I almost cried when I saw my front steps for the first time since January. I had forgotten what lay buried under all that snow. Things like grass and dirt and my drive to live.
It was such a long winter even for a New Englander which I am through and through. The winter was long and cold; dark and deep. The snow covered everything colorful, unique and worth getting up for in the morning. It erased distinctiveness and thrust it’s illusion of uniformity on our lives like the Nazi’s parachuting from the sky. But I loved it as it was falling. That snow lulled me into a trance, a sleep with its beautiful serenity, quiet and still it drew me in – it was almost sacred. Sacred like a knife used in ritualistic sacrifices. The white buried me alive, its purity drawing me in beneath a heavy blanket of conformity and I froze there willingly deceived by its wonder. I disappeared like one of the many flakes descending slowly before landing on a warm hand or a wet tongue or a heaping mound of ice crystals, either way I was gone – I ceased to exist all winter – I think.

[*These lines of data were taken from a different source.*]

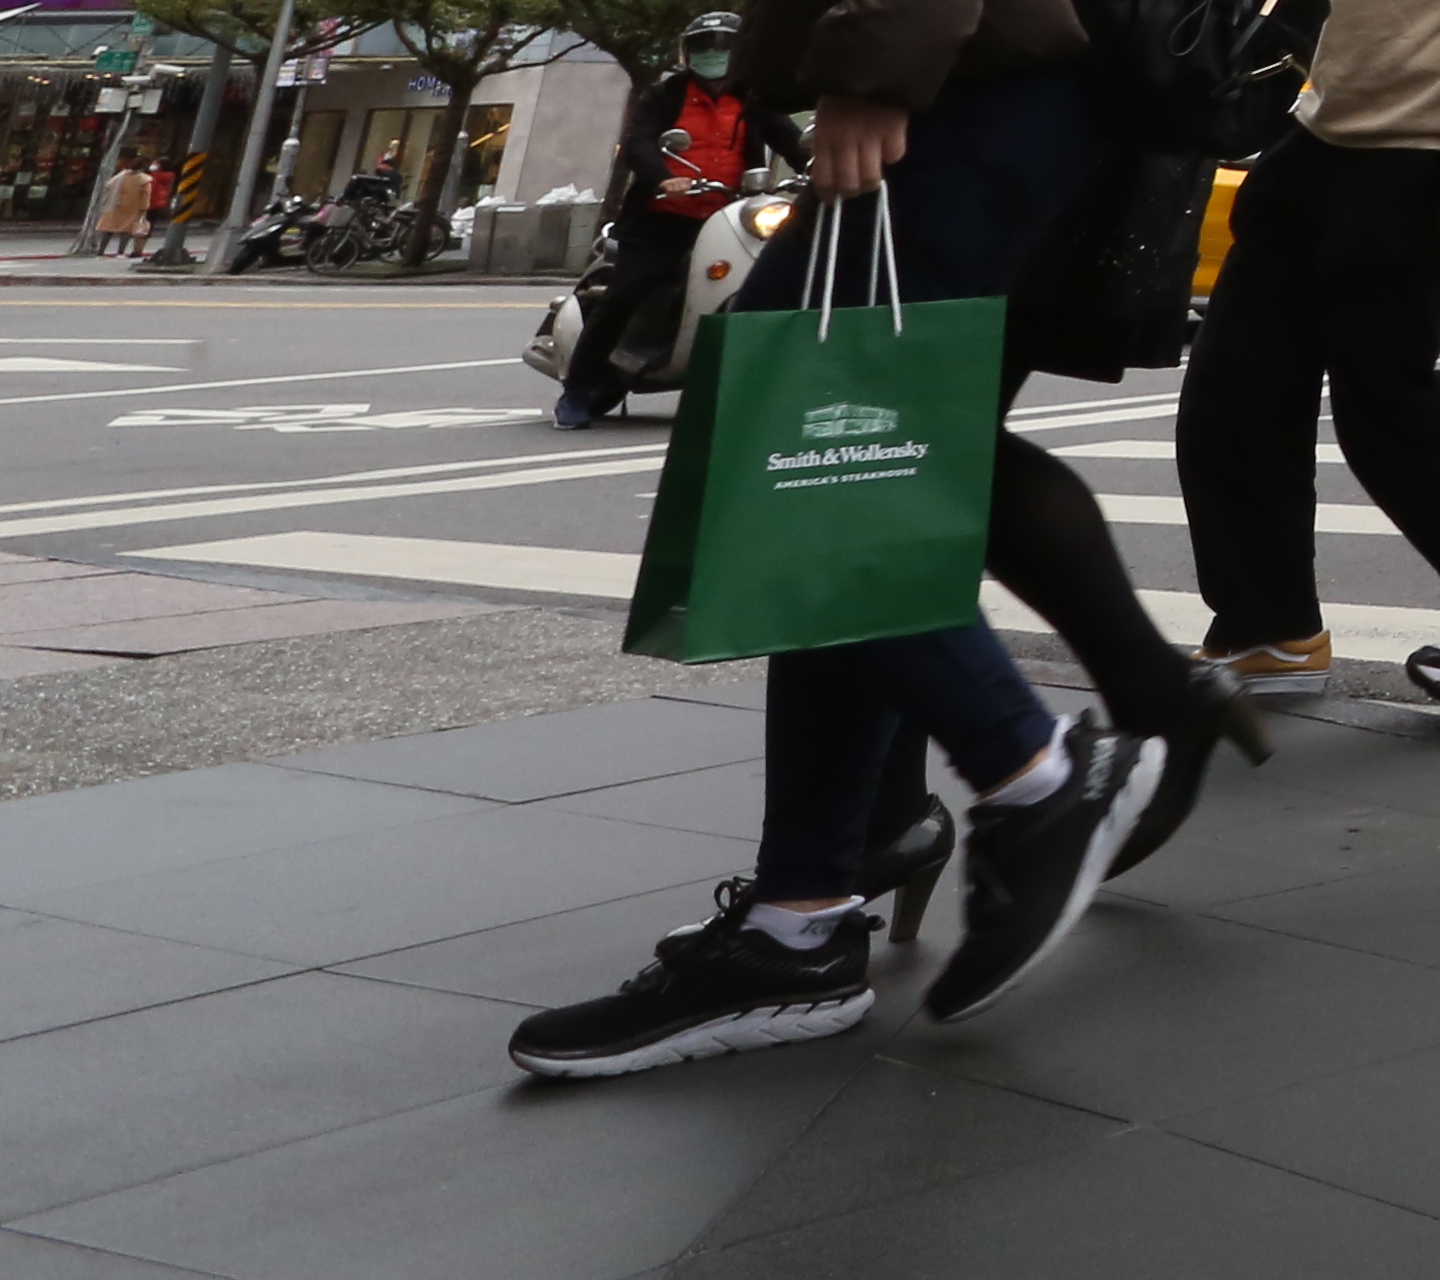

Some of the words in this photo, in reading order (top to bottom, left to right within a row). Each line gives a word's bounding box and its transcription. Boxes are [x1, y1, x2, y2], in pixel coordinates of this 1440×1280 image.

[766, 450, 822, 472] Smith
[822, 447, 841, 467] &
[840, 439, 930, 465] Wollensky
[773, 474, 839, 490] AMERICA'S
[841, 467, 918, 484] STEAKHOUSE

Seeing those stairs I dared to hope again that I could find my smile, myself, my desire to belong in this world. Now almost all the snow is gone, melted into the water that will fill the leaves with their brilliant green and the tulips with their electric pink and the streams with their rapid flow. My heart is thawing too what will it become who will it fill and how will it grow? Creativity is returning, slowly being revealed like the soil but it’s always muddy in the beginning. I see now that color does still exist under winter, after 37 years you would think I would remember, but I am human and flawed and broken. The birds are singing. I can hear them now and all seems optimistic once again.
The seasons have become quite archetypical these days. I can’t help but see our souls merged with the changing weather patterns. I wonder if it’s supposed to be this way. Perhaps all this time we have had it wrong. It’s not life and then death, but a continuous cycle of death and then life, cold and then warm, barren followed by fertile, dark and then there was light. Like the seed that will very soon be bursting from its hidden soil bed, out of a hard coating where it was dead and lost and it will become something glorious. For months our yards and streets and homes and souls have been covered in a death like shroud a night that I have come to believe could not be penetrated or removed by anything except time and the Son. As it lays its light upon us life is revealed once again. That’s why I cried… for hope, hope that there is still life underneath it all and a set of stairs that lead home.